# [Work item]
Please return every entry below exactly as written, without any of its pictures.

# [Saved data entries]
>>

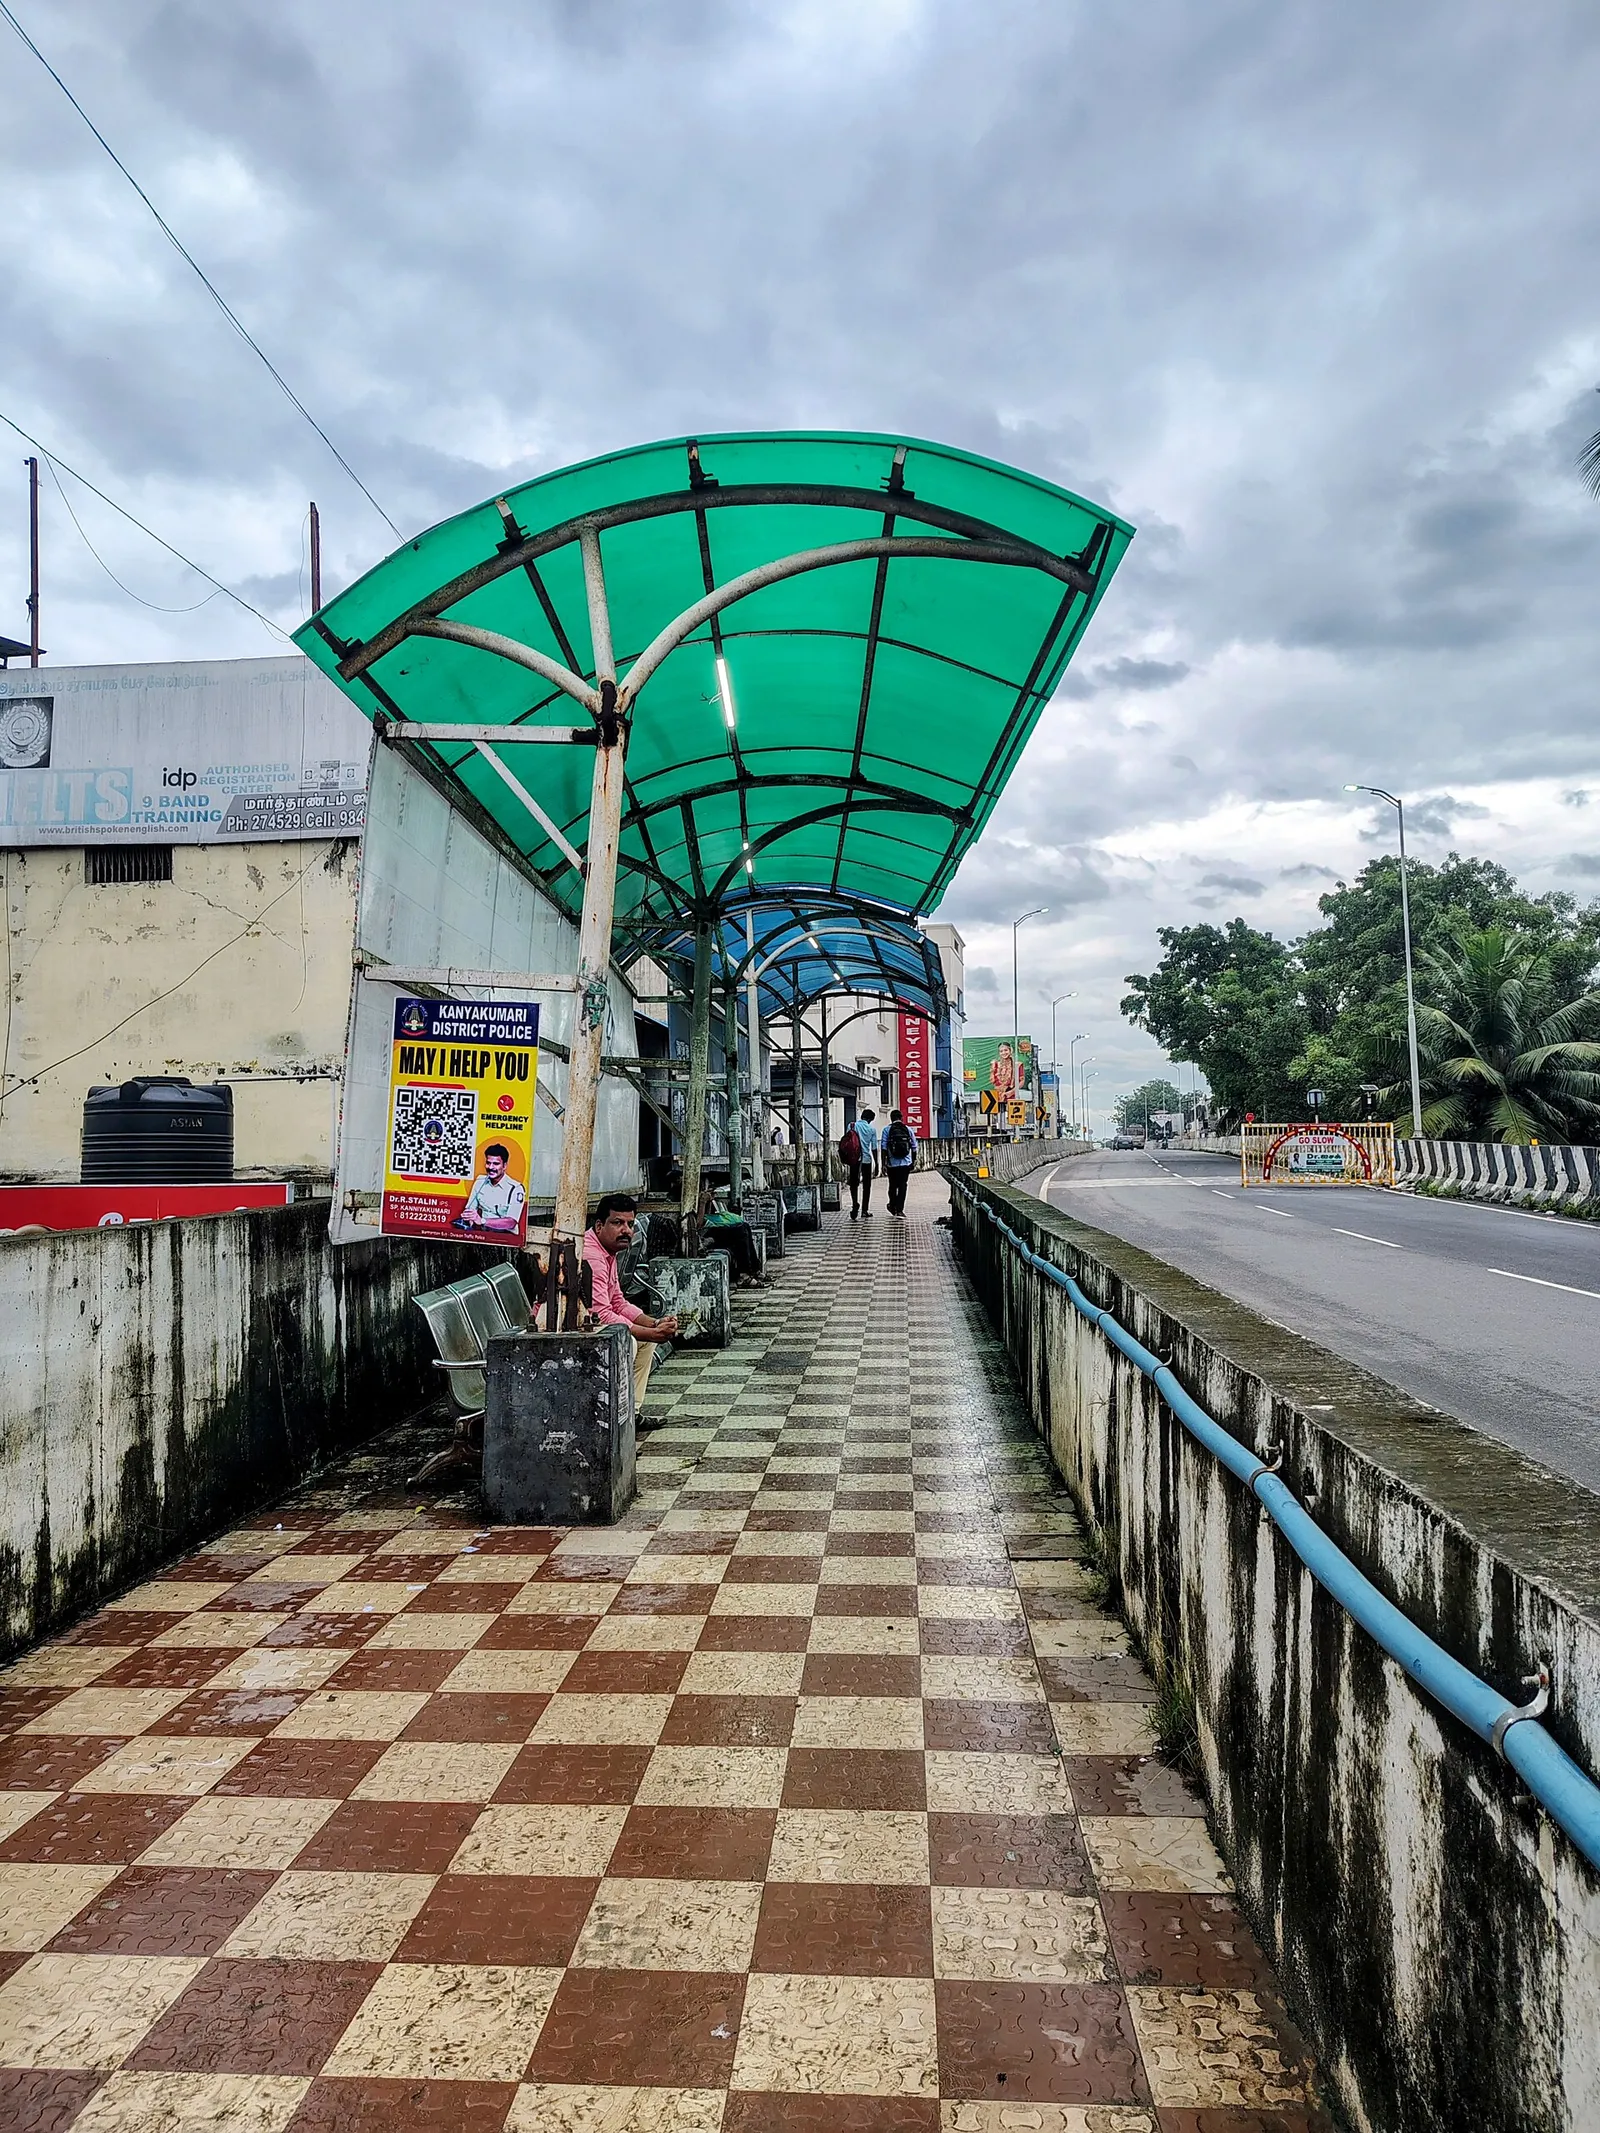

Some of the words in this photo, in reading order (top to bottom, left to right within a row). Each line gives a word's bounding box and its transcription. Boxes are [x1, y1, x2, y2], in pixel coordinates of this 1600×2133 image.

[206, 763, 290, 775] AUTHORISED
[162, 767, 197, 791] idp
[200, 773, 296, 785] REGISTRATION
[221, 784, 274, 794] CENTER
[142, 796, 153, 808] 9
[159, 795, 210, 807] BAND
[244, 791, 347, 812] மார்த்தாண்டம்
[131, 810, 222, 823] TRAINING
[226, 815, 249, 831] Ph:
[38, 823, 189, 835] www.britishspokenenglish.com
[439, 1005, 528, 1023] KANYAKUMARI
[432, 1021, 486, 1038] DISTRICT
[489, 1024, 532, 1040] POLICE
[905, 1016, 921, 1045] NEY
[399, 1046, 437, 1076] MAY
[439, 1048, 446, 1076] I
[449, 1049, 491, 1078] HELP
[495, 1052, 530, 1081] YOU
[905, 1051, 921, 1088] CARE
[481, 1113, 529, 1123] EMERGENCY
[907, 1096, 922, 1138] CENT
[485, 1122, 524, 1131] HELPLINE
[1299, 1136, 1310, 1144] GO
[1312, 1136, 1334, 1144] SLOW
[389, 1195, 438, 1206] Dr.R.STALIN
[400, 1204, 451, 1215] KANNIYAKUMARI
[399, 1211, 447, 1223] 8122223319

<<

# [Your solution]
Some of the words in this photo, in reading order (top to bottom, left to right within a row). Each line gives a word's bounding box and its transcription. Boxes are [x1, y1, x2, y2], in pixel coordinates of this 1600×2133 image.

[206, 763, 290, 775] AUTHORISED
[162, 767, 197, 791] idp
[200, 773, 296, 785] REGISTRATION
[221, 784, 274, 794] CENTER
[142, 796, 153, 808] 9
[159, 795, 210, 807] BAND
[244, 791, 347, 812] மார்த்தாண்டம்
[131, 810, 222, 823] TRAINING
[226, 815, 249, 831] Ph:
[38, 823, 189, 835] www.britishspokenenglish.com
[439, 1005, 528, 1023] KANYAKUMARI
[432, 1021, 486, 1038] DISTRICT
[489, 1024, 532, 1040] POLICE
[905, 1016, 921, 1045] NEY
[399, 1046, 437, 1076] MAY
[439, 1048, 446, 1076] I
[449, 1049, 491, 1078] HELP
[495, 1052, 530, 1081] YOU
[905, 1051, 921, 1088] CARE
[481, 1113, 529, 1123] EMERGENCY
[907, 1096, 922, 1138] CENT
[485, 1122, 524, 1131] HELPLINE
[1299, 1136, 1310, 1144] GO
[1312, 1136, 1334, 1144] SLOW
[389, 1195, 438, 1206] Dr.R.STALIN
[400, 1204, 451, 1215] KANNIYAKUMARI
[399, 1211, 447, 1223] 8122223319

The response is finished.